Dhaka-- (UNB)- Rural consumers are prompt in paying for electricity, but they are the people mostly denied access to power as an estimated 83 per cent population of the country still cry for it.


Rural area coverage so far achieved by Rural Electrification Board (REB), an autonomous body responsible for reaching electricity to villages, is only around 13 percent.


A conservative estimate of energy experts indicates if the present rate of performance goes, REB may need at least 50 years more to touch the rest of the villages and 100 years to cover the whole rural areas.


Officials in the REB said their recovery rate of power tariffs is almost cent percentage.


On the other hand, urban consumers, including industries, businesses and government offices, owe roughly Tk 3000 crore as electricity bills to Power Development Board.

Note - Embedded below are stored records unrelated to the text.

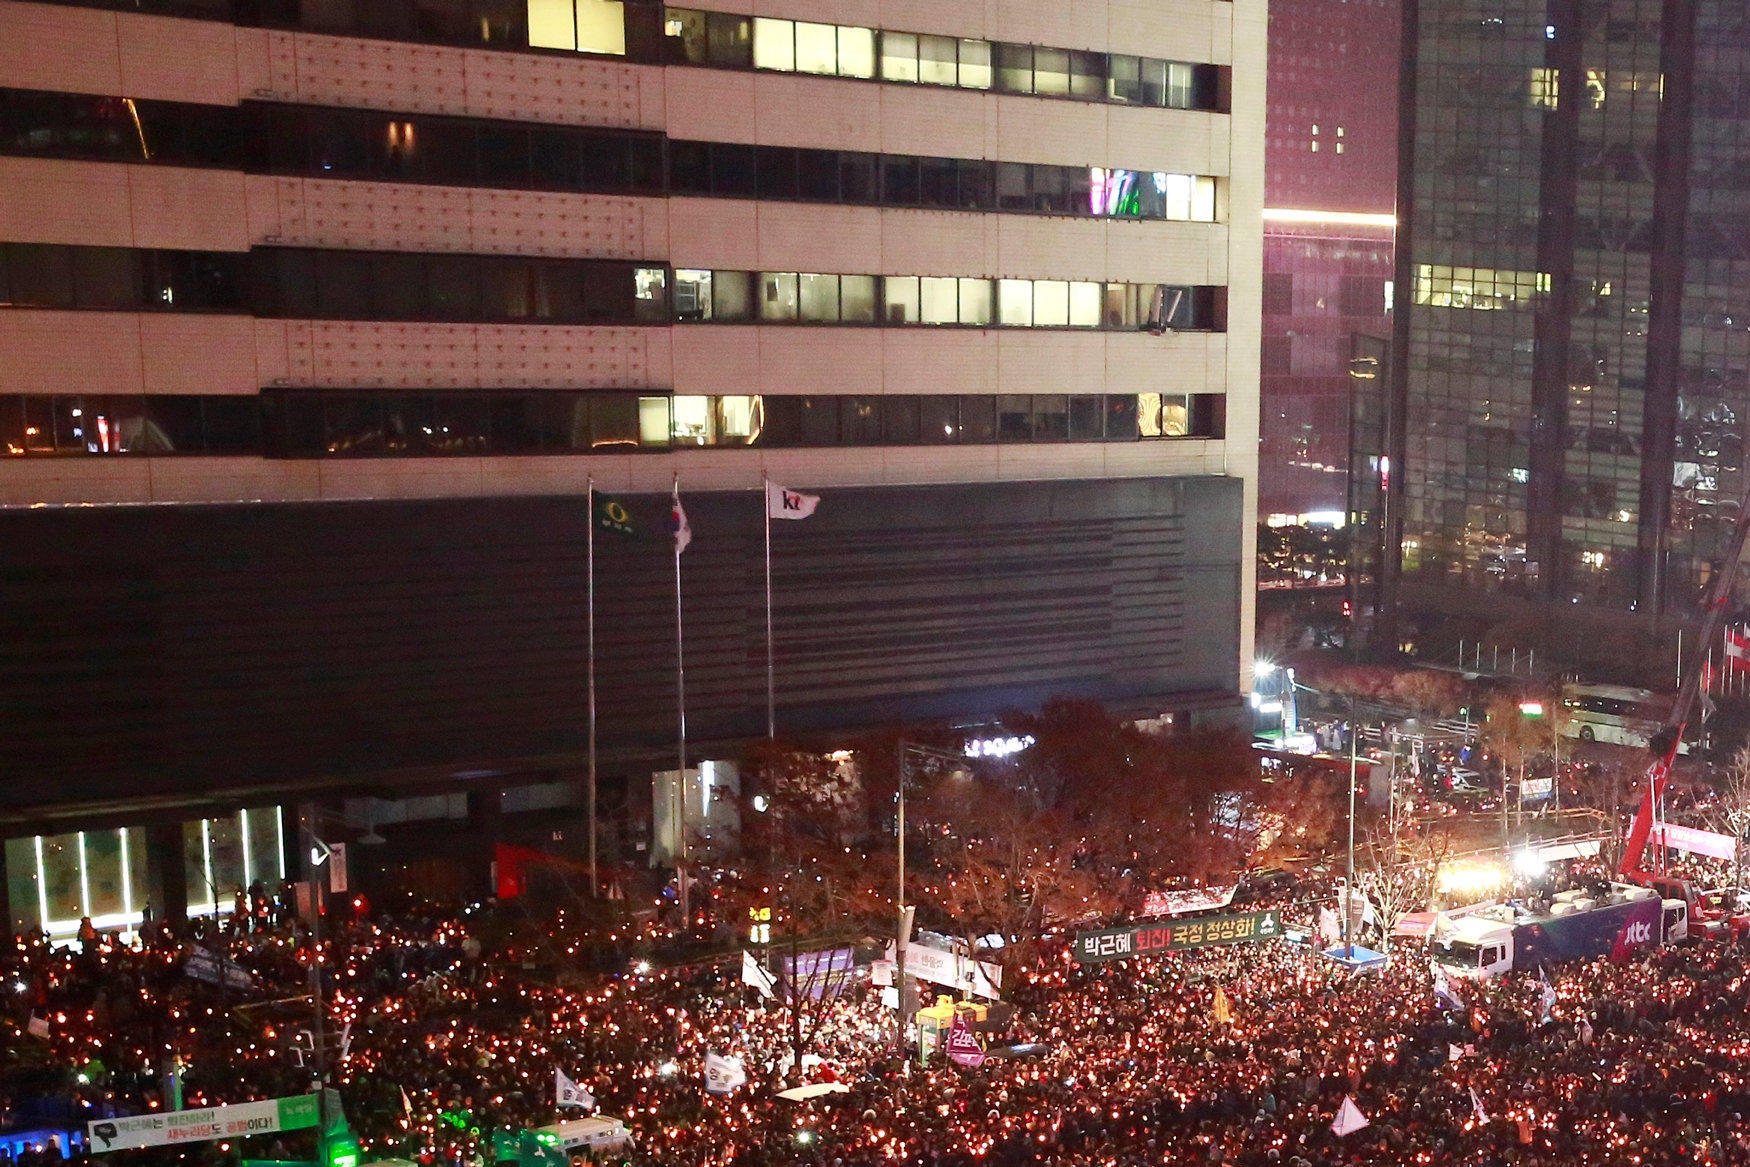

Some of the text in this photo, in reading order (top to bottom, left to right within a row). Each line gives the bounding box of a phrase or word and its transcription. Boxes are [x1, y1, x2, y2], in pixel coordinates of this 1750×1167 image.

[1084, 932, 1131, 957] 박근혜
[1135, 928, 1171, 950] 퇴진!
[1174, 924, 1204, 945] 국정
[1207, 917, 1255, 941] 정상화!
[1624, 920, 1651, 945] jtbc
[168, 1123, 222, 1140] 새누리당도

Good payment record of rural power consumers has earned fame for REB, but nothing for themselves as their cry for electricity is often hushed by profit concern of Palli Bidyut Samities (PBS), nominated by REB to supply electricity to rural areas.


In the last 22 years, REB could reach electricity to 30,656 villages, fully or partly till September 2000, out of total roughly 65,000 villages.

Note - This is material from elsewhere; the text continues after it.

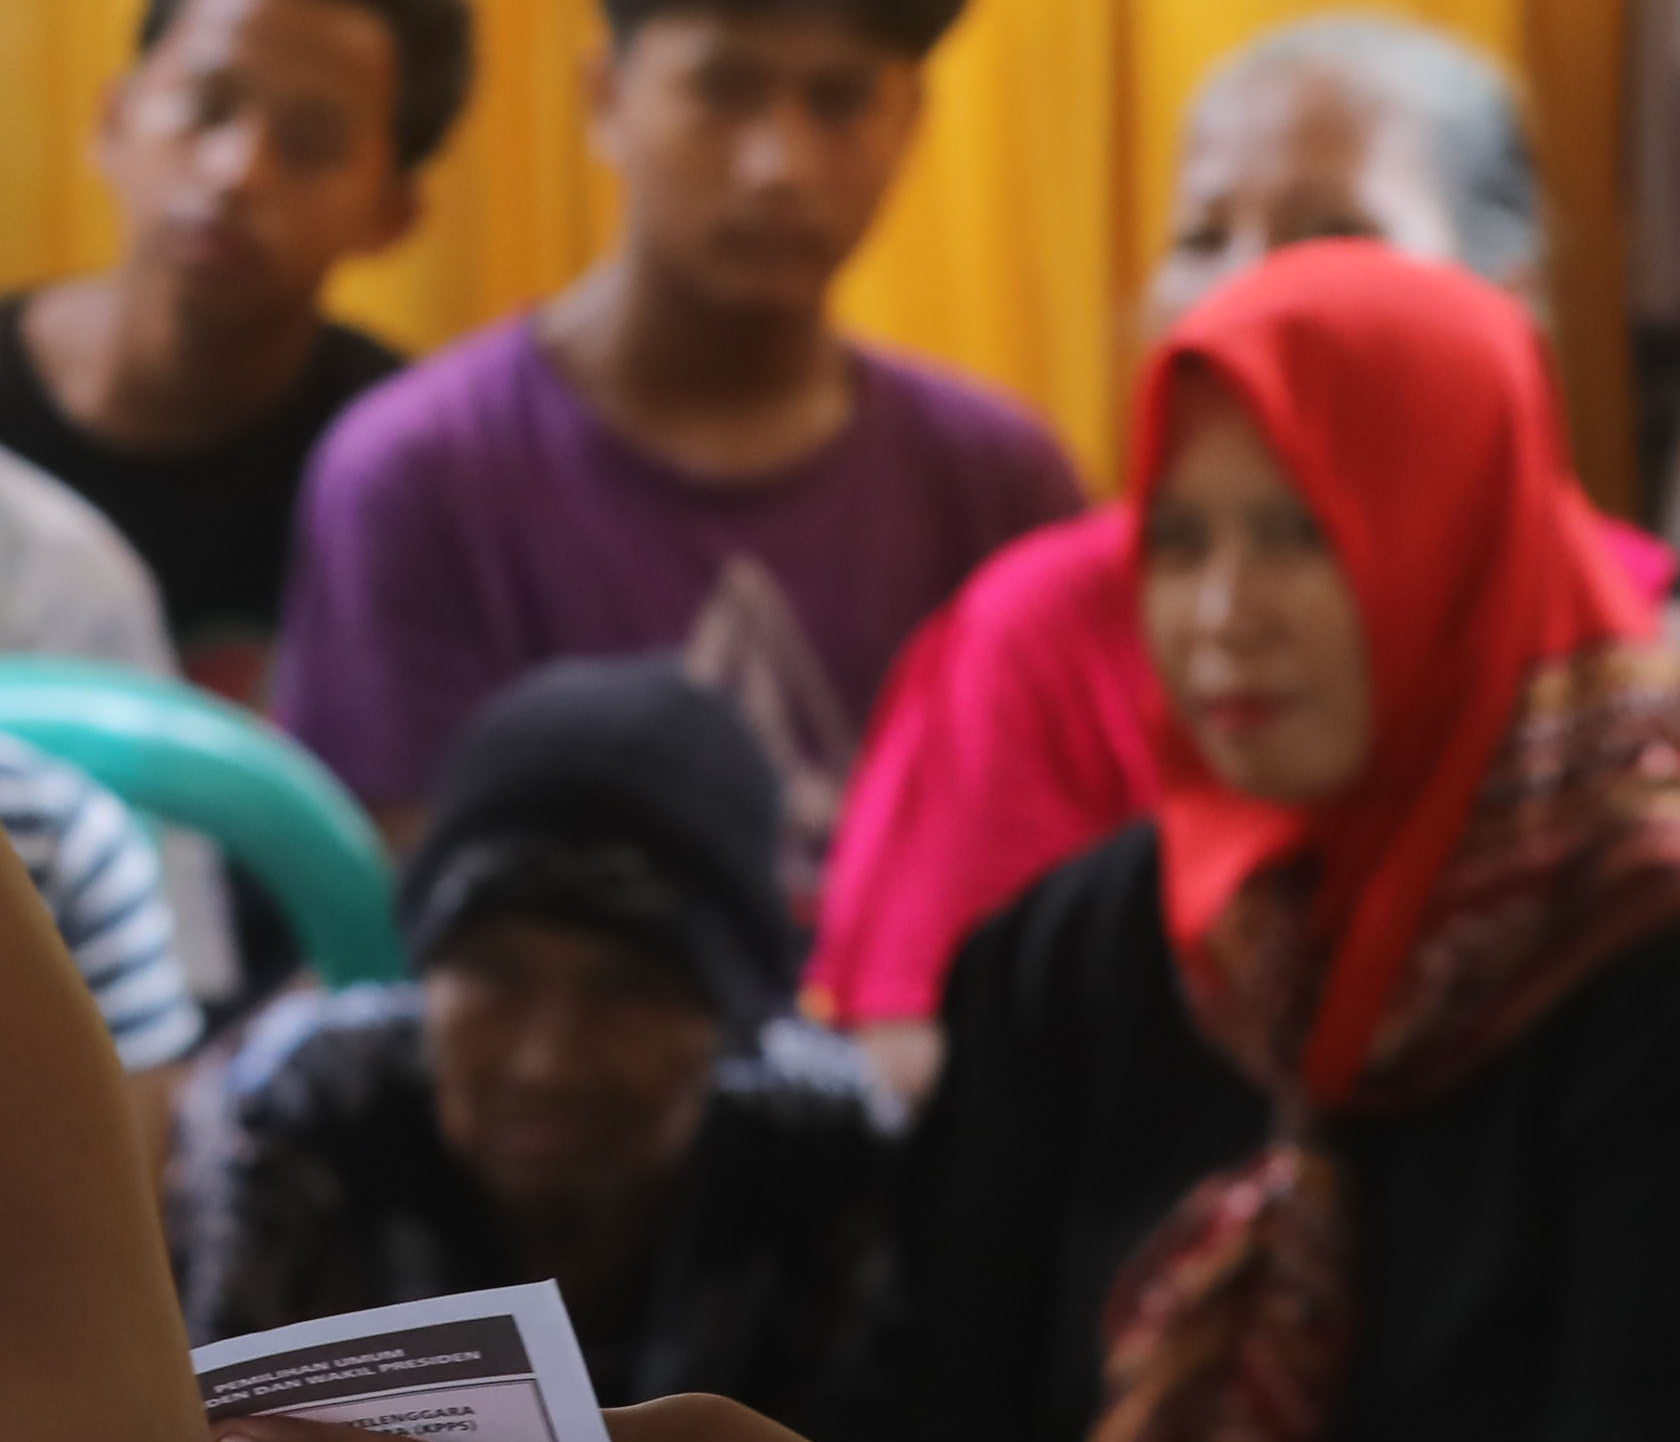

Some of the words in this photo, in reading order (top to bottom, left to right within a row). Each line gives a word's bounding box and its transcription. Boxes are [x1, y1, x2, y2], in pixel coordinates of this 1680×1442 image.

REB could so far give some 3 million connections, including domestic, agricultural and small commercial ventures, through 55 PBSs building nearly 120,000km lines.


A senior REB official said they were now carrying out the fifth phase of the 1982 master plan to build 1.42 lakh km of rural distribution lines by 2005. He claimed the target, fixed up to 2000, had well been achieved.


“Reaching electricity to every household, you know, is a very gigantic task,” he said.


By the end of the terminal year of the extended master plan, REB is set to develop backbone infrastructure in 333 upazilas.


“Besides, we’re to prepare a new master plan to comply with the government vision of ‘electricity for all by 2020,’” the REB official said casting his eyes over a far future.


The Rural Electrification Board Ordinance 1977, that gave birth to the REB, entrusted it with building a smooth and steady rural power-distribution system to spur the rural economy and elevate standard of living of people in villages.


To support the Board to achieve its purpose, the government decided to give it electricity at a subsidised rate from PDB.


PDB sells per-unit electricity to REB at Tk 1.82 whereas the average selling price of PBSs to rural consumers is Tk 2.87 per unit.


According to official figures, PDB’s average generation cost is about Tk 3 per unit while it buys electricity from independent power producers at Tk 4 per unit. Average selling rate of PDB is Tk 2.17 per unit.


The bottom line is, PDB is counting a loss of Tk 1 to 2 for catering each unit to REB to support the noble cause of rural electrification.


“None takes this in account while making wholesale allegations against PDB for its loss,” a PDB official regretted. REB still owes nearly Tk 300 crore to PDB as assets and other bills, he added.


Price support, however, did not help PBSs to run viably, as only 13 out of 55 such samities are profitable. “We need to sell power at minimum Tk 3.50 per unit to reach a breakeven point,” a PBS manager was quoted as saying.


Initially financed by USAID and designed in US fashion, REB’s significant success, as often cited by World Bank and others, is its almost cent percent recovery of tariffs from poor rural consumers, mostly farmers.


Credit goes to PBSs, who take electrification as more of a business than a service, denying any concession to irrigation pumps even. PBSs have connections to some 82,666 irrigation pumps.


PDB is continuing tariff concession to whatever pumps it still have in its jurisdiction charging Tk 1.75 per unit, while PBSs take Tk 2.70 per unit.


Another success story in REB’s account, also referred by many as an instance of complacency, is its lower system loss compared to PDB and DESA.


REB suffers from an 18 percent system loss while PDB losses 36 per cent of its power in system faults and theft.


One may genuinely ask where REB’s system loss would stand if it were involved in generation and transmission systems also.


As per present arrangements, PDB reaches power from its own plants through its own transmission lines to REB’s doorstep. So chances of power loss in transmission process is slim in case of REB.